A ‘deepfake’ is a type of synthetic media that uses deep learning algorithms to create realistic images, videos or audio recordings that are difficult to distinguish from the real ones. In a deepfake video, a person’s face is layered over another person’s, creating a realistic-looking fake video.

Deepfakes are created using machine learning algorithms, which are trained on large datasets of images and videos to learn how to generate real-looking media. They are becoming more and more popular on social networking sites and can now be created much more quickly and cheaply due to advances in technology.

While deepfakes have the potential for positive applications, such as in the entertainment industry, they also pose a significant threat to the society by enabling the spread of false information and the manipulation of public opinion. Being able to distinguish between real and fake videos can help prevent the spread of false information and protect individuals from potential harm.

In the paper, “Revealing and classification of deepfakes video’s images using a customize convolution neural network model”, Usha Kosarkar, Gopal Sarkarkar and Shilpa Gedam, propose a strategy to detect deepfakes by utilising residual noise — which is the difference between the original and its denoised form.

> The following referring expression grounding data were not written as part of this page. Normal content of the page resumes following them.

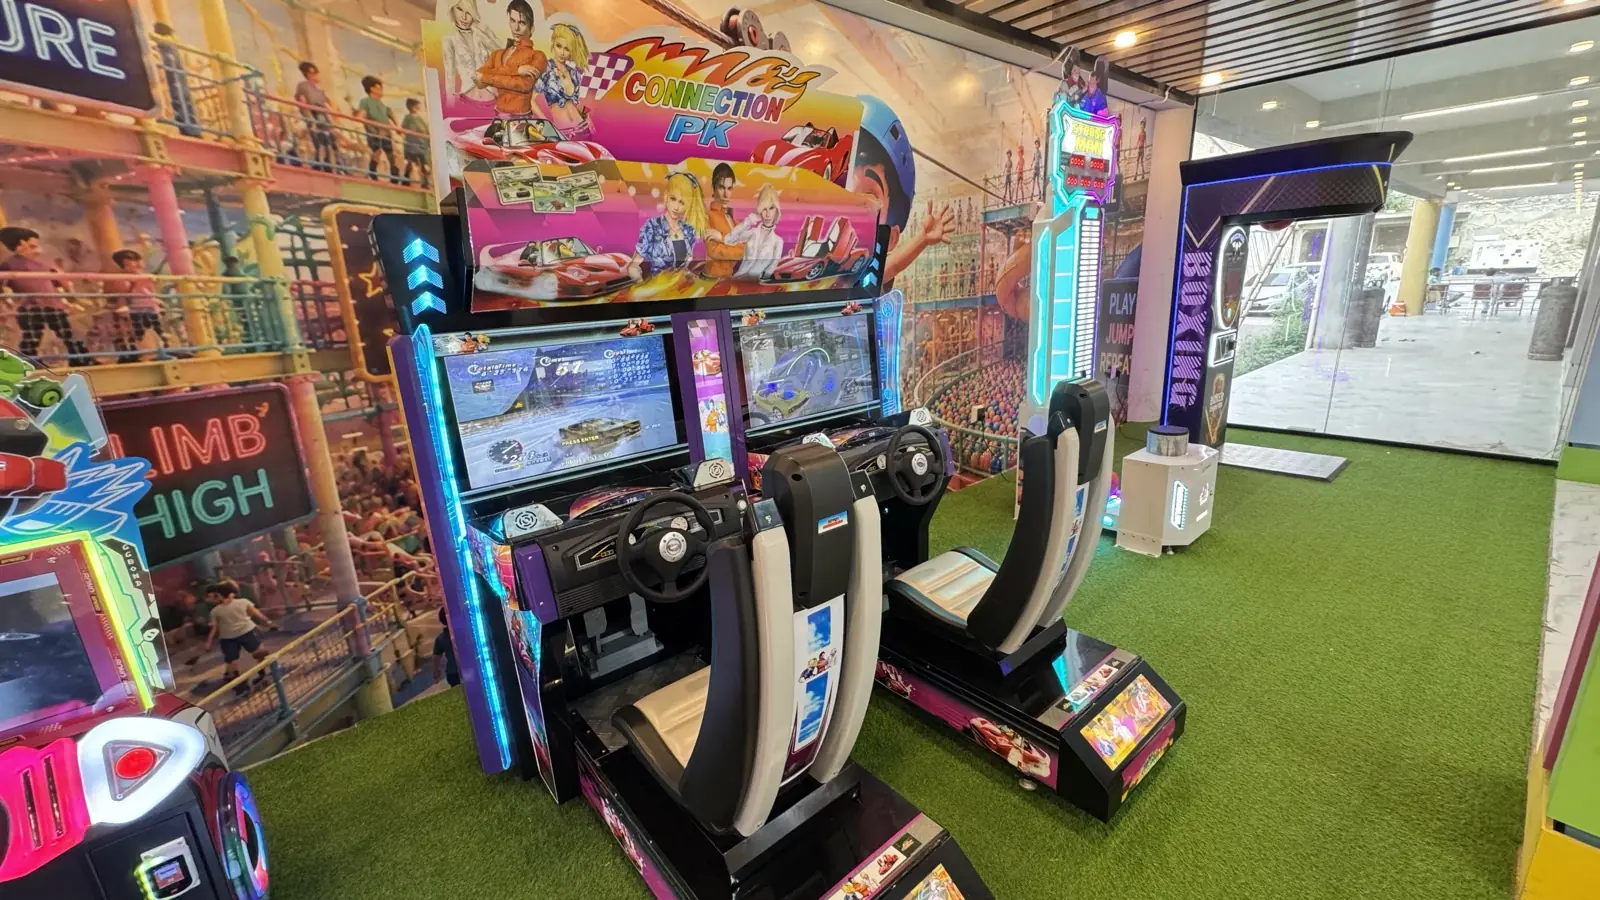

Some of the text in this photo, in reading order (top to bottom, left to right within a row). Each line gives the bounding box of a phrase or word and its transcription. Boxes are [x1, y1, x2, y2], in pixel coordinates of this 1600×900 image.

[625, 72, 785, 122] CONNECTION
[665, 113, 737, 148] PK
[1109, 292, 1137, 315] PLAY
[1106, 322, 1134, 345] JUMP
[1169, 252, 1213, 407] BOXING
[1100, 352, 1132, 375] REPEA
[581, 435, 600, 443] ENTER
[138, 468, 274, 539] HIGH

The authors used a multi-layer perceptron convolutional neural network (MLP-CNN) model for the study. The MLP-CNN model consists of multiple layers of perceptrons and convolutional layers, which are trained on a dataset of genuine and altered video frames to learn how to distinguish between the two by analysing the residual noise in the frames.

The proposed model consists of three main components: pre-processing, feature extraction and classification. In the pre-processing stage, the video frames are first denoised to remove any noise that may interfere with the detection process. Then, the residual noise is extracted from the denoised frames.

In the feature extraction stage, the residual noise is used to extract features that are unique to deepfake videos. The authors used a CNN with transfer learning to extract these features which are then used to train a binary classifier that can distinguish between genuine and altered videos.

In the classification stage, the binary classifier is used to classify each video frame as either genuine or altered. A threshold value was used to determine the authenticity of a video based on the percentage of frames that are classified as altered.

Low-resolution video clips from FaceForensics++ and high-resolution video clips from Kaggle DFDC (Deepfake detection challenge) was used by the researchers to test the effectiveness of the technique. The performance of the model was also compared with other competing.

The authors reported that the MLP-CNN model achieved a high degree of accuracy at 95.5 per cent, which is higher than the testing accuracy achieved by the CNN model alone (85.2 per cent).

The nature of AI is such that as deepfake detection becomes more effective, it will be a race between creating better deepfakes and detecting deepfakes better.